Transcribe all of the listing below in full.
[Start of section]
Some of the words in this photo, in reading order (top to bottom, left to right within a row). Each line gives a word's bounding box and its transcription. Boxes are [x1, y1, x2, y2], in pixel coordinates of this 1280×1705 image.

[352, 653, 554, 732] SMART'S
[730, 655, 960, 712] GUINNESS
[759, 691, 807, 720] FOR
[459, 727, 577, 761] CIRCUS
[End of section]
SOLVED EXERCISE →
Some of the words in this photo, in reading order (top to bottom, left to right within a row). Each line gives a word's bounding box and its transcription. Boxes are [x1, y1, x2, y2], in pixel coordinates of this 1280×1705 image.

[352, 653, 554, 732] SMART'S
[730, 655, 960, 712] GUINNESS
[759, 691, 807, 720] FOR
[459, 727, 577, 761] CIRCUS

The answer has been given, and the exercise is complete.